[Source material]
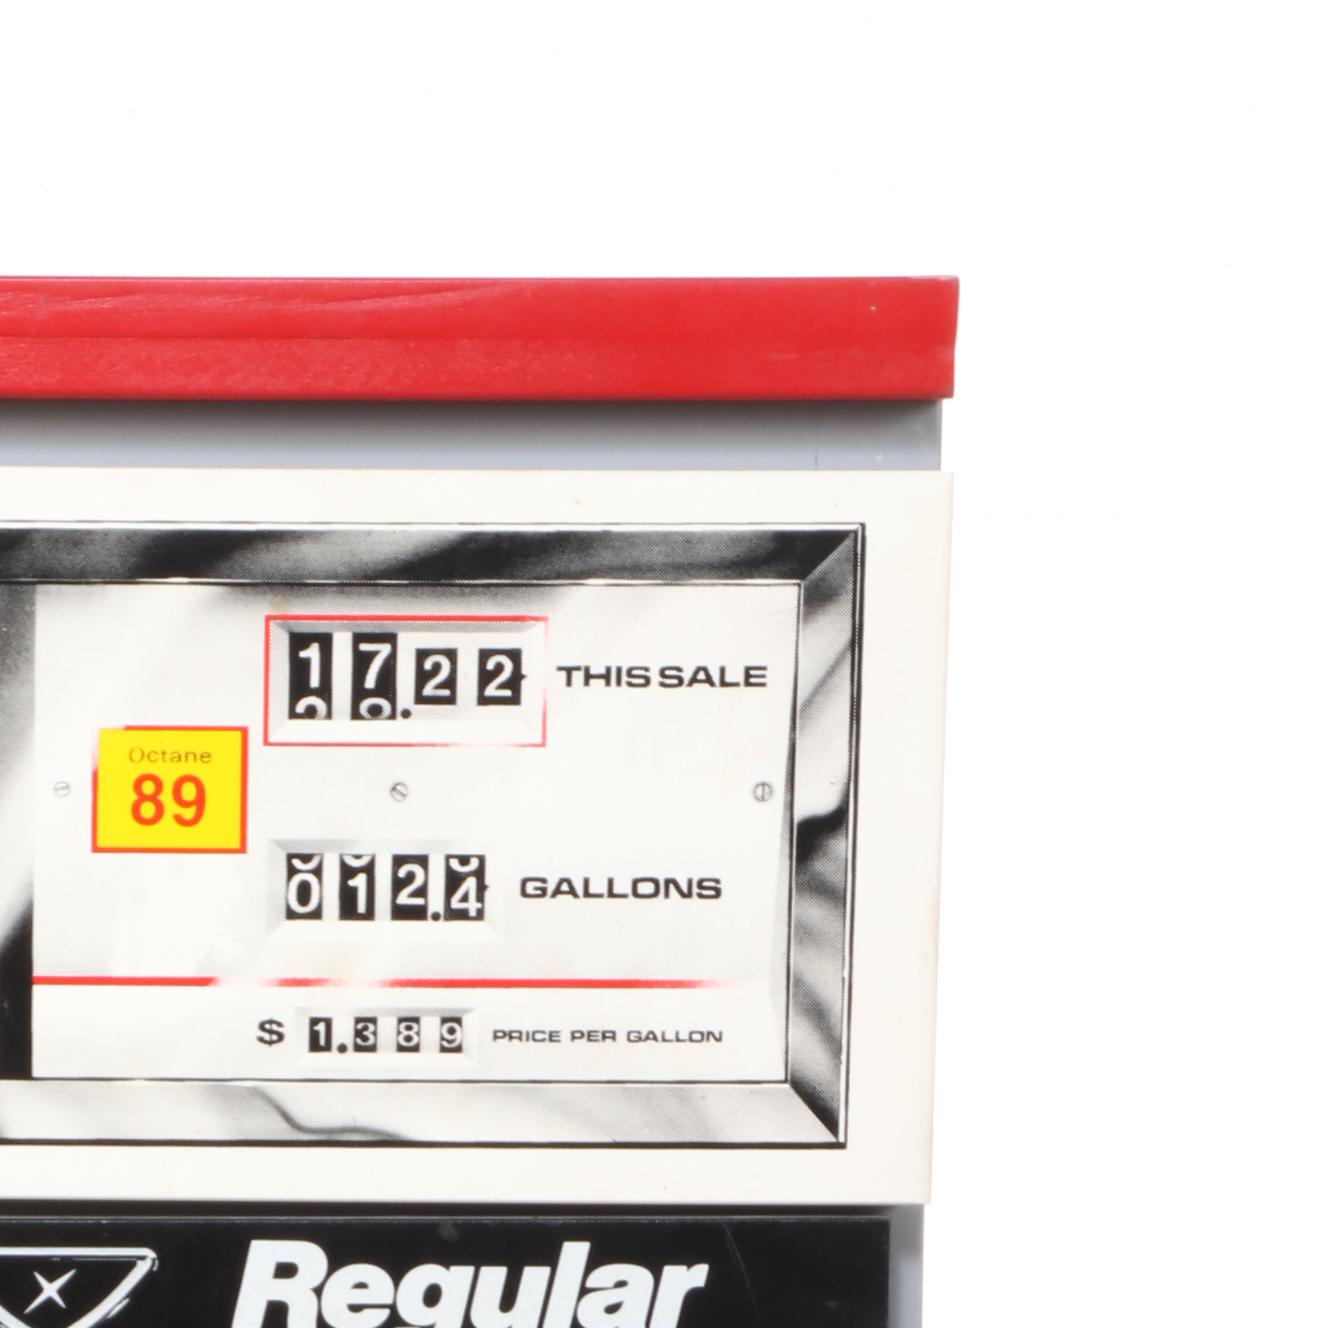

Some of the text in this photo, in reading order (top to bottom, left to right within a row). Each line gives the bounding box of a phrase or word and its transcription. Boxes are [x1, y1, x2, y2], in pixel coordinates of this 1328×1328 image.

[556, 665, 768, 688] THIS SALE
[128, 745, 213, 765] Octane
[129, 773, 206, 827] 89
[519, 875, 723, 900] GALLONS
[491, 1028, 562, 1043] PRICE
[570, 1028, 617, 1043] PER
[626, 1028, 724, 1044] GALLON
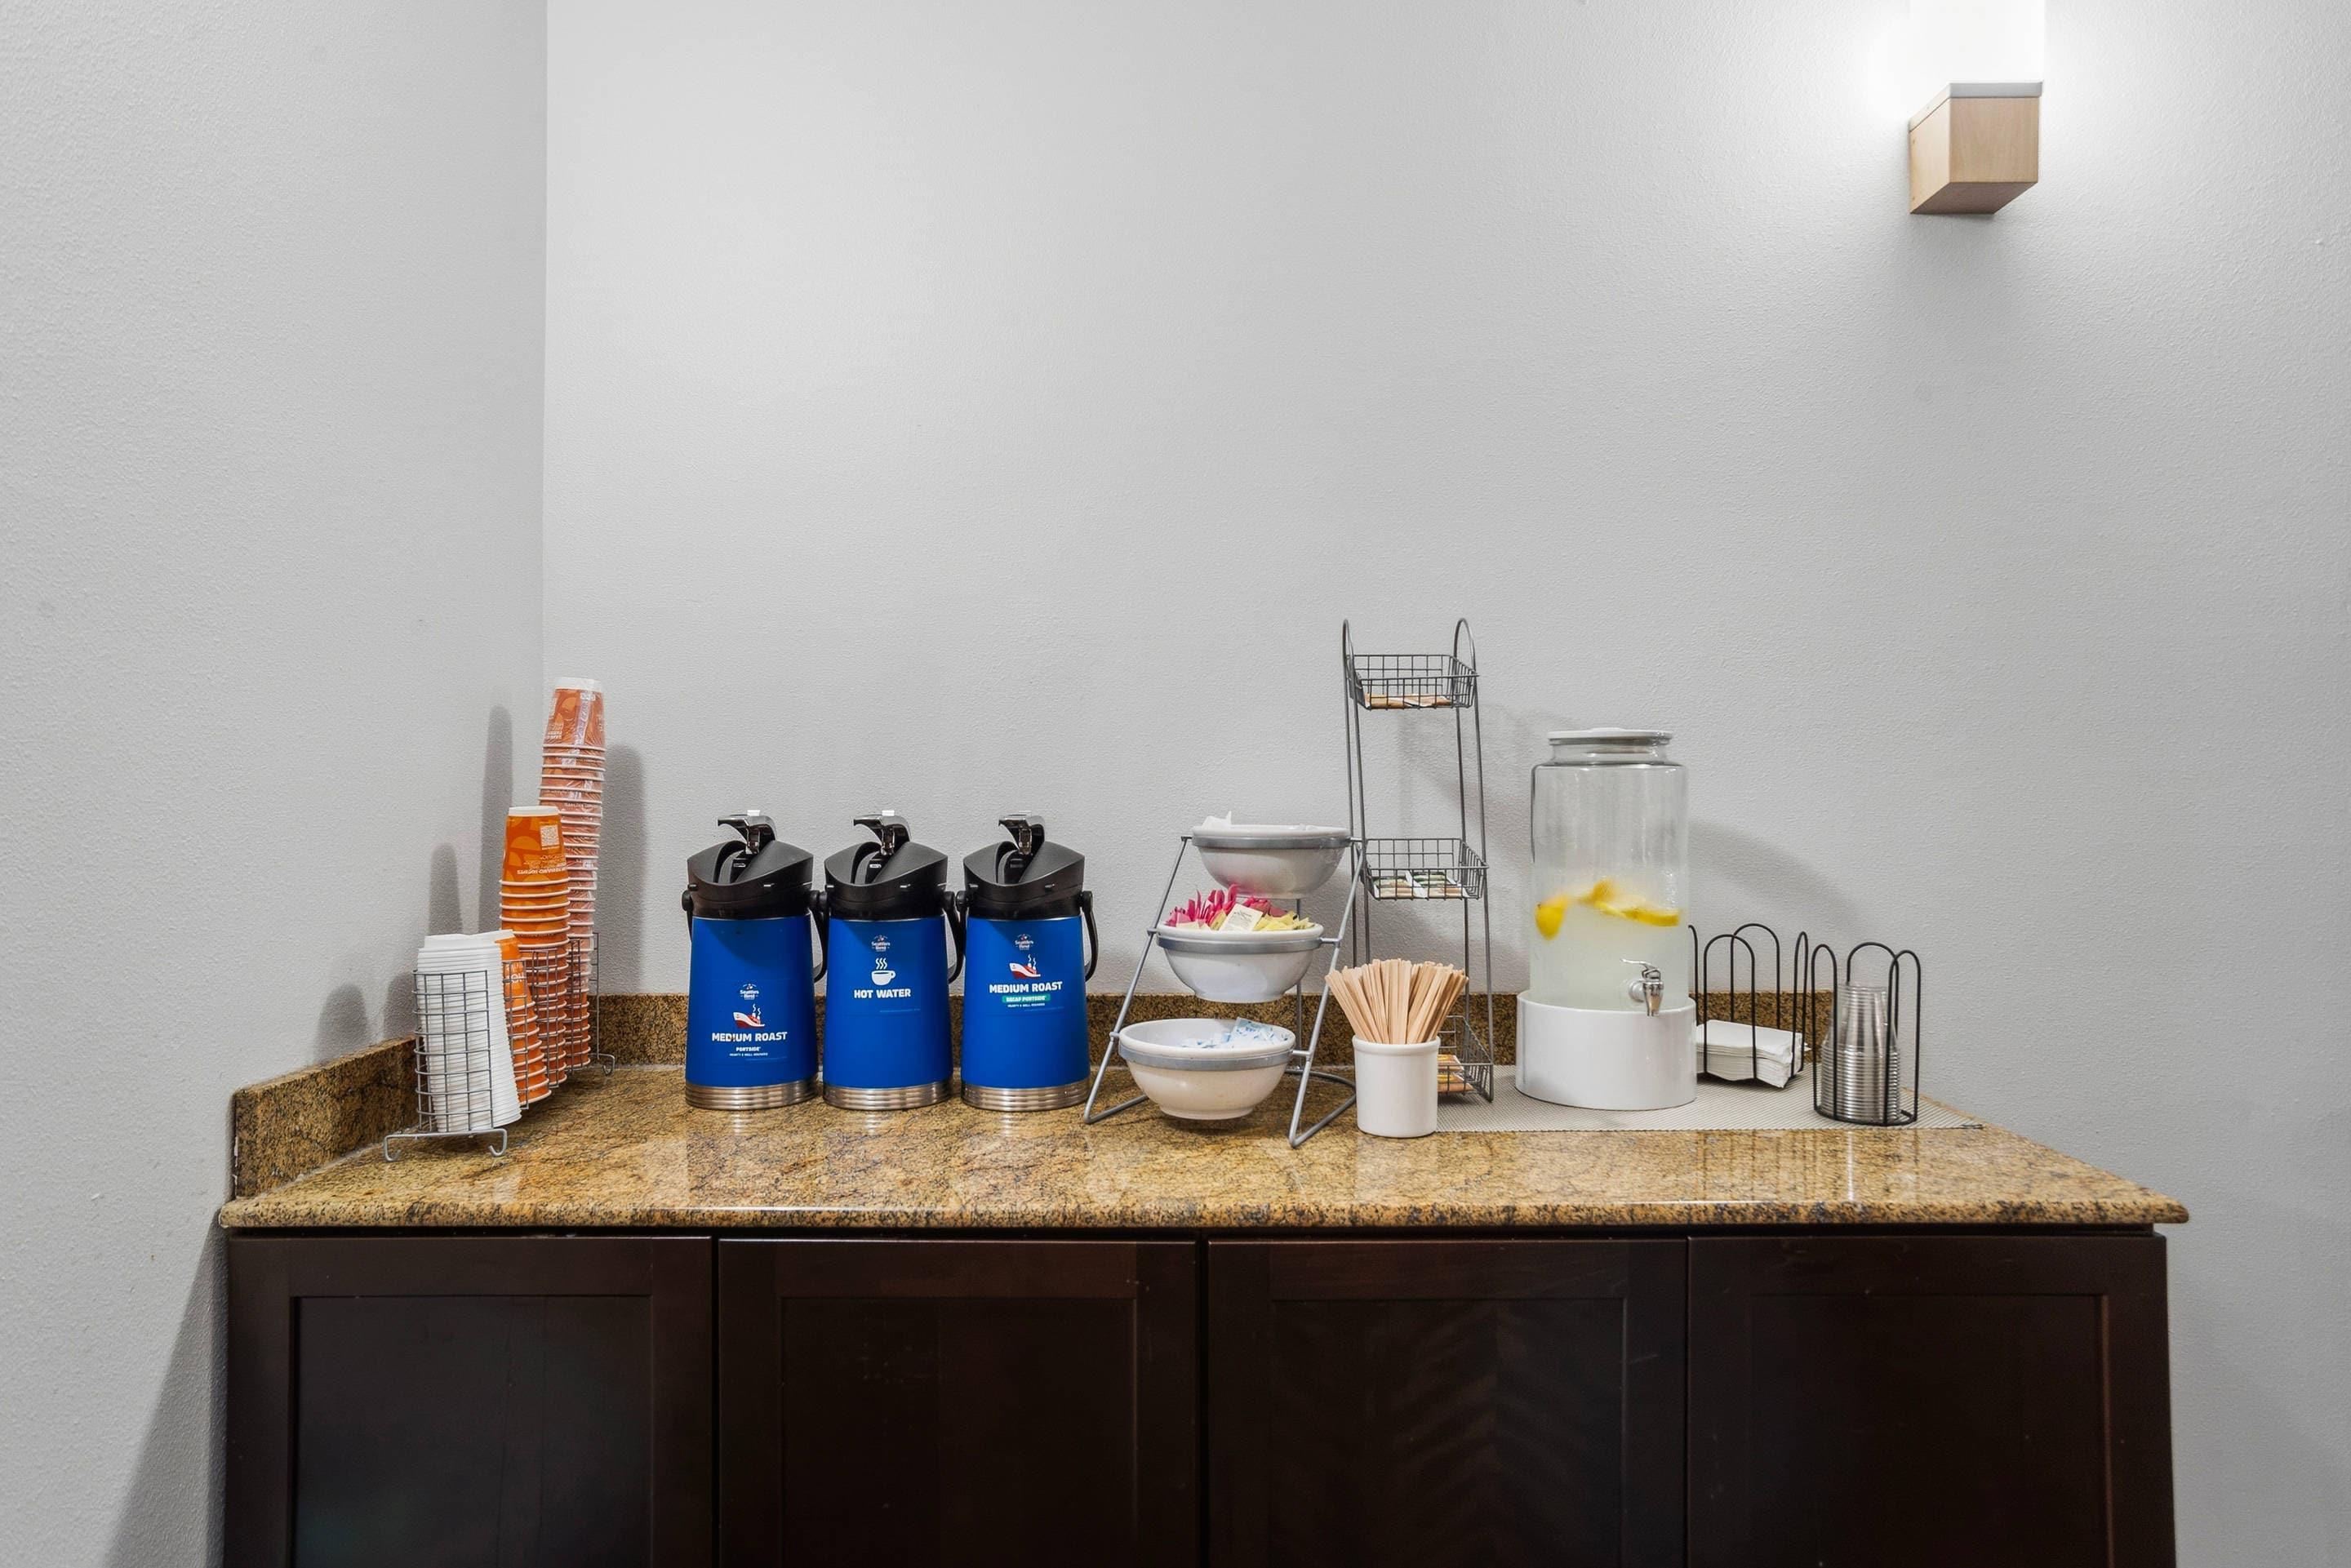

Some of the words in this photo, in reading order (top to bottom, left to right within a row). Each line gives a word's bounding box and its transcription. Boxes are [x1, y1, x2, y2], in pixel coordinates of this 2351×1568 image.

[Exercise directions]
Pictures in the records above are left out; print everything else exactly as written.

[Answer space]
Some of the text in this photo, in reading order (top to bottom, left to right within a row). Each line gives the bounding box of a phrase or word and its transcription. Boxes are [x1, y1, x2, y2], in pixel coordinates of this 1328×1328 image.

[556, 665, 768, 688] THIS SALE
[128, 745, 213, 765] Octane
[129, 773, 206, 827] 89
[519, 875, 723, 900] GALLONS
[491, 1028, 562, 1043] PRICE
[570, 1028, 617, 1043] PER
[626, 1028, 724, 1044] GALLON

Some of the words in this photo, in reading order (top to bottom, left to right within a row). Each line gives a word's bounding box and its transcription. Boxes are [x1, y1, x2, y2], in pixel coordinates of this 2351×1568 image.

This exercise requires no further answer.